Solve for \( Y \) in the matrix equation below: \[ \left[\begin{array}{ccc}x+4 & 8 & -3 \\ 1 & 22 & 2 y \\ 7 & -2 & z+2\end{array}\right]=\left[\begin{array}{ccc}-18 x-81 & -72 & 27 \\ -9 & -198 & 72 \\ -63 & 18 & -99\end{array}\right. \] \( y=10 \) \( y=-5 \) \( y=9 \) \( y=-4 \)
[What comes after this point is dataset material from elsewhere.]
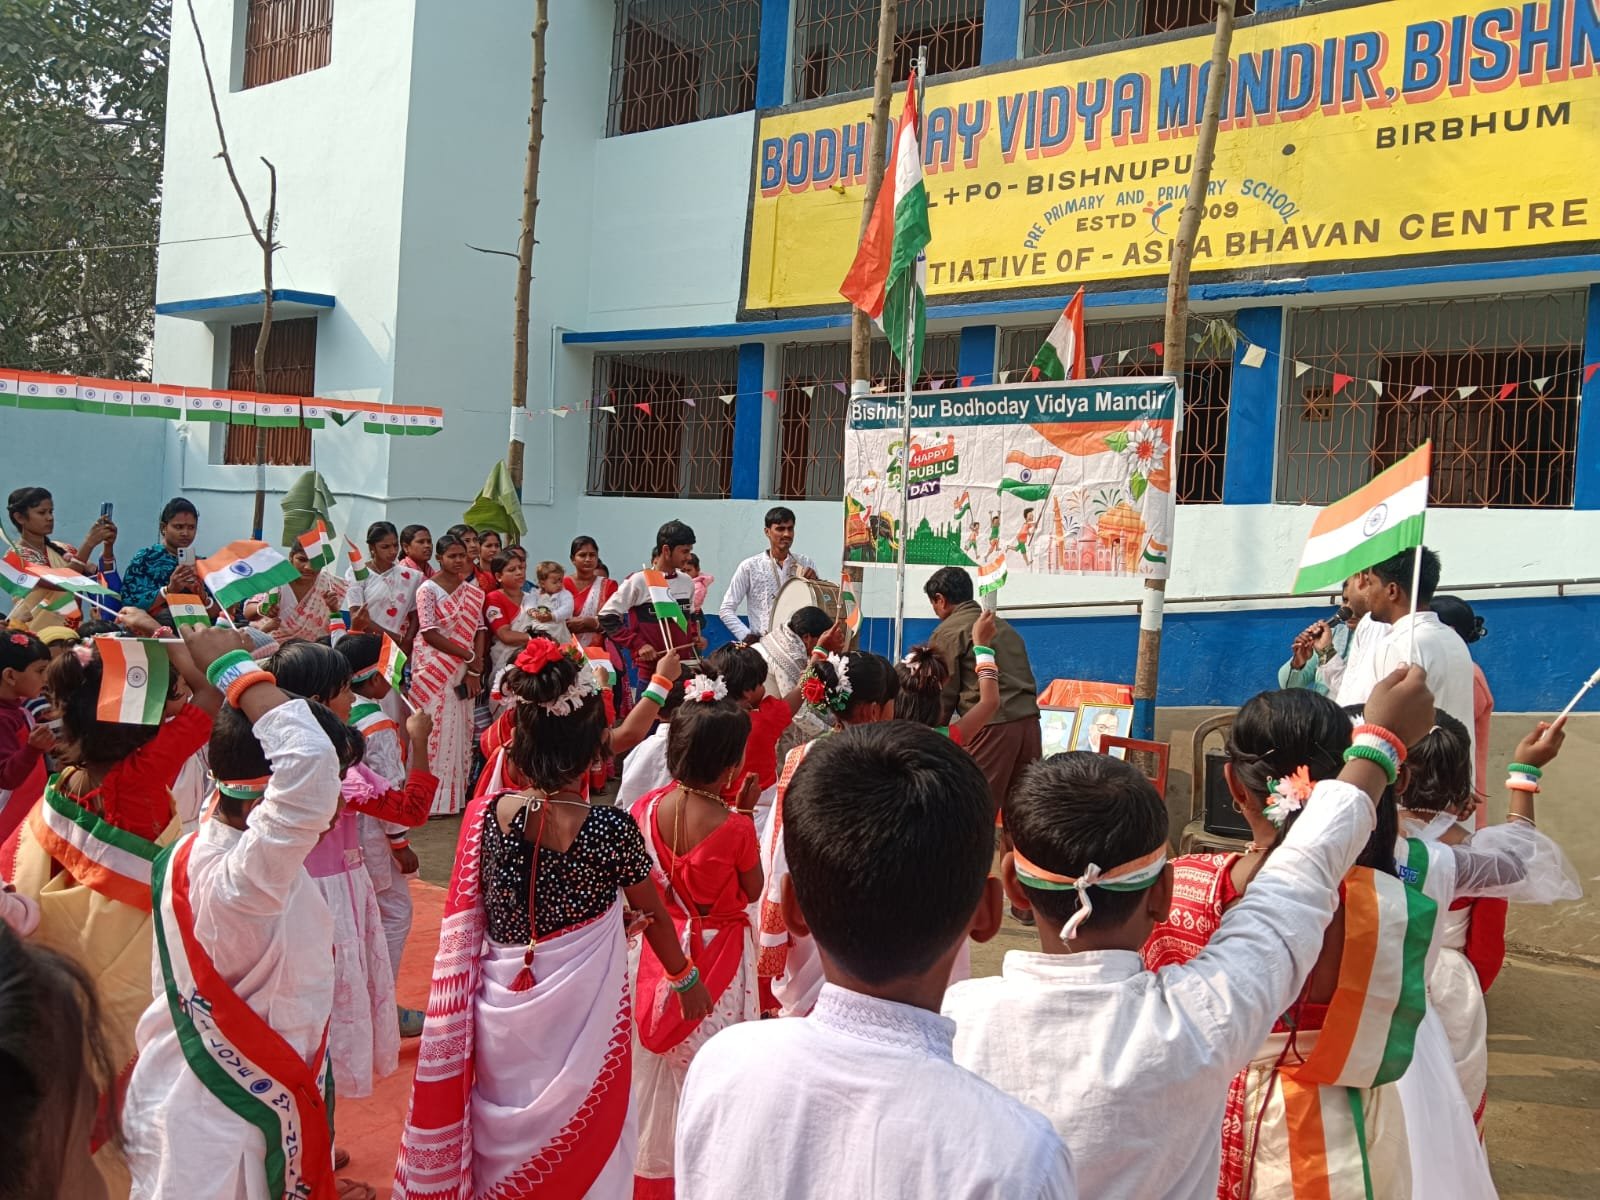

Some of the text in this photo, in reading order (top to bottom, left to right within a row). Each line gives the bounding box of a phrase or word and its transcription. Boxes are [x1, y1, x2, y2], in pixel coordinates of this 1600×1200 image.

To solve for \( Y \) in the provided matrix equation, we equate the corresponding elements from both matrices: 1. From the second row, second column we have: \[ 2y = -198 \] Dividing both sides by 2 gives: \[ y = -99 \] Now, checking the provided options: \( y=10 \), \( y=-5 \), \( y=9 \), \( y=-4 \). None of these values match \( y = -99 \). Let's inspect other entries or consider simplifications. Notice if you find matching entries from different rows and columns could potentially yield better results. However, recalling values directly leads us to conclude that none are correct. In conclusion, based on the calculations, it appears there was some misunderstanding in Y's input from the matrix as it did not match options given. Further checks on the constraints or definitions used might clarify.